◆ Exercise:
Once the pictures are set aside, repeat all of the data below exactly.

##### Records supplied

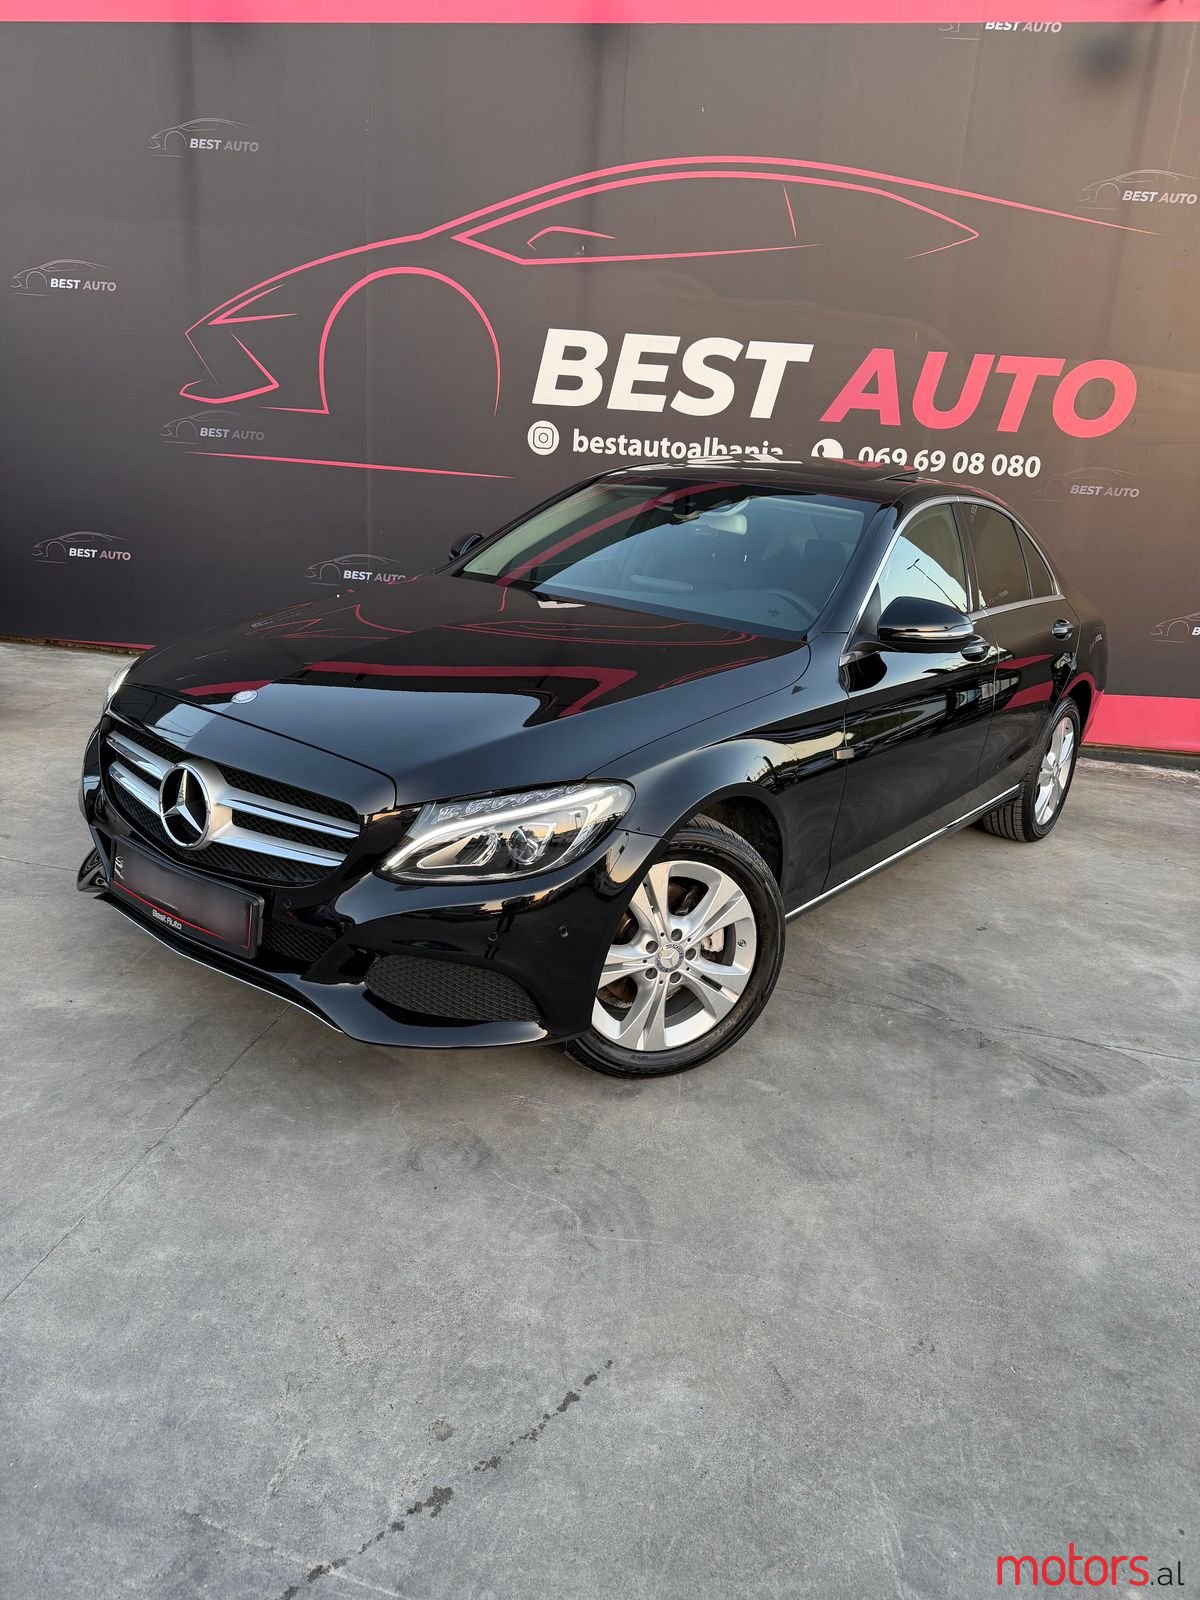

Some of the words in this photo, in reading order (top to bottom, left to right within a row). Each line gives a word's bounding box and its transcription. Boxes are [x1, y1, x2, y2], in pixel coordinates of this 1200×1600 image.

[985, 21, 1020, 31] BEST
[1022, 21, 1062, 33] AUTO
[190, 138, 222, 150] BEST
[224, 141, 259, 152] AUTO
[1122, 190, 1158, 203] BEST
[1159, 192, 1198, 205] AUTO
[50, 278, 81, 290] BEST
[83, 280, 117, 292] AUTO
[531, 328, 814, 419] BEST
[819, 347, 1137, 438] AUTO
[200, 427, 230, 438] BEST
[232, 430, 265, 441] AUTO
[857, 446, 908, 466] 069
[913, 449, 946, 472] 69
[952, 451, 985, 475] 08
[991, 453, 1041, 478] 080
[1069, 484, 1103, 496] BEST
[1104, 487, 1140, 499] AUTO
[69, 547, 98, 558] BEST
[99, 550, 131, 561] AUTO
[343, 570, 372, 581] BEST
[152, 909, 167, 923] Best
[167, 917, 182, 930] Auto

##########

◆ Solution for this exercise:
Some of the words in this photo, in reading order (top to bottom, left to right within a row). Each line gives a word's bounding box and its transcription. Boxes are [x1, y1, x2, y2], in pixel coordinates of this 1200×1600 image.

[985, 21, 1020, 31] BEST
[1022, 21, 1062, 33] AUTO
[190, 138, 222, 150] BEST
[224, 141, 259, 152] AUTO
[1122, 190, 1158, 203] BEST
[1159, 192, 1198, 205] AUTO
[50, 278, 81, 290] BEST
[83, 280, 117, 292] AUTO
[531, 328, 814, 419] BEST
[819, 347, 1137, 438] AUTO
[200, 427, 230, 438] BEST
[232, 430, 265, 441] AUTO
[857, 446, 908, 466] 069
[913, 449, 946, 472] 69
[952, 451, 985, 475] 08
[991, 453, 1041, 478] 080
[1069, 484, 1103, 496] BEST
[1104, 487, 1140, 499] AUTO
[69, 547, 98, 558] BEST
[99, 550, 131, 561] AUTO
[343, 570, 372, 581] BEST
[152, 909, 167, 923] Best
[167, 917, 182, 930] Auto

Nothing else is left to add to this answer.